Non ha ancora intenzione di tornare in Svizzera, anche se la povertà nel Paese è grande. Ci sono sempre interruzioni di corrente, ha una cisterna al posto dell’allacciamento dell’acqua e deve vivere dietro a delle sbarre, un muro e filo spinato a causa dell’alto tasso di criminalità. Ammette però che di tanto in tanto le mancano Cervelat, formaggio e il cioccolato svizzero. Ride. “Sono felice qui. Ogni volta che faccio una doccia con l’acqua calda, penso: che regalo”.

Elisabetta, che oggi ha 69 anni, sarebbe effettivamente in pensione. Ma vuole continuare a sostenere il lavoro di SAM global, su base volontaria, finché sarà in salute. Allo stesso tempo, funge da collegamento tra l’organizzazione e le altre organizzazioni partner, “in modo che le informazioni circolino”, dice.

Elisabetta con due ragazze angolane.


SAM global (fino al 2017 Swiss Alliance Mission) è un’organizzazione cristiana svizzera senza scopo di lucro con sede a Winterthur. Dal 2017, l’abbreviazione sta per serve and multiply (servire e moltiplicare). SAM global mira a cambiare le vite attraverso l’istruzione ed è attiva nel campo della cooperazione allo sviluppo delle risorse umane.
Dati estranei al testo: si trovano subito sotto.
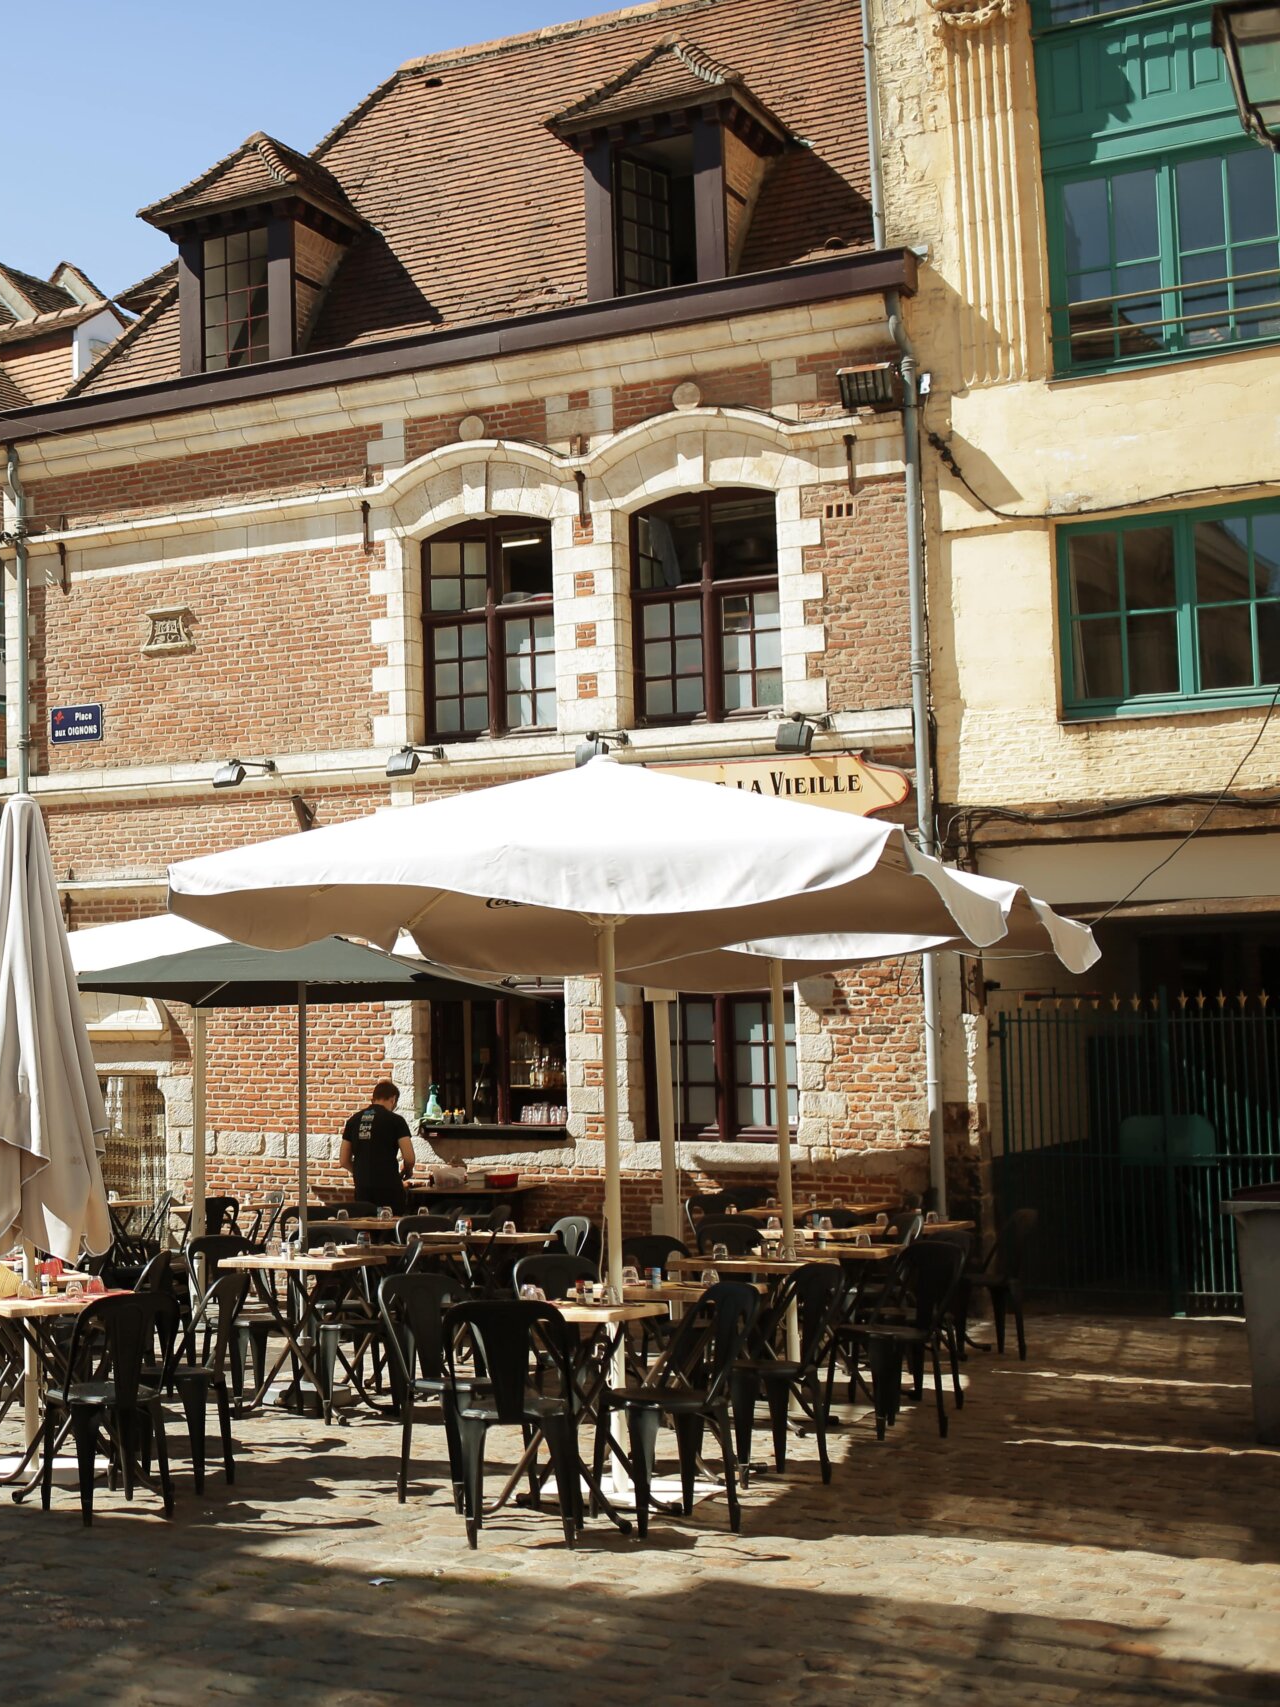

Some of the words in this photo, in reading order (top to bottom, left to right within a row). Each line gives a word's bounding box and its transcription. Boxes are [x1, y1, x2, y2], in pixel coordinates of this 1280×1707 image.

[75, 712, 92, 721] Place
[67, 725, 97, 736] OIGNONS
[770, 771, 862, 796] VIEILLE
L’attenzione si concentra sulla formazione in vari settori e sull’aiutare le persone ad aiutarsi.

SAM global impiega circa 80 dipendenti europei nei Paesi in cui opera, diversi volontari e numerosi collaboratori locali e, secondo la propria homepage, è attivo con vari partner in undici Paesi in Africa, Asia e Sud America, tra cui Cambogia, Sri Lanka, Burkina Faso, Guinea, Camerun, Ciad e Brasile. SAM global è attivo anche tra i migranti in Svizzera. L’organizzazione si concentra sull’istruzione di base e professionale, sulla costruzione di piccole imprese (Business for Transformation B4T), sul lavoro medico e sulla prevenzione sanitaria, sull’istruzione e sulla pratica teologica, e sul miglioramento dei mezzi di sussistenza e sulla sensibilizzazione.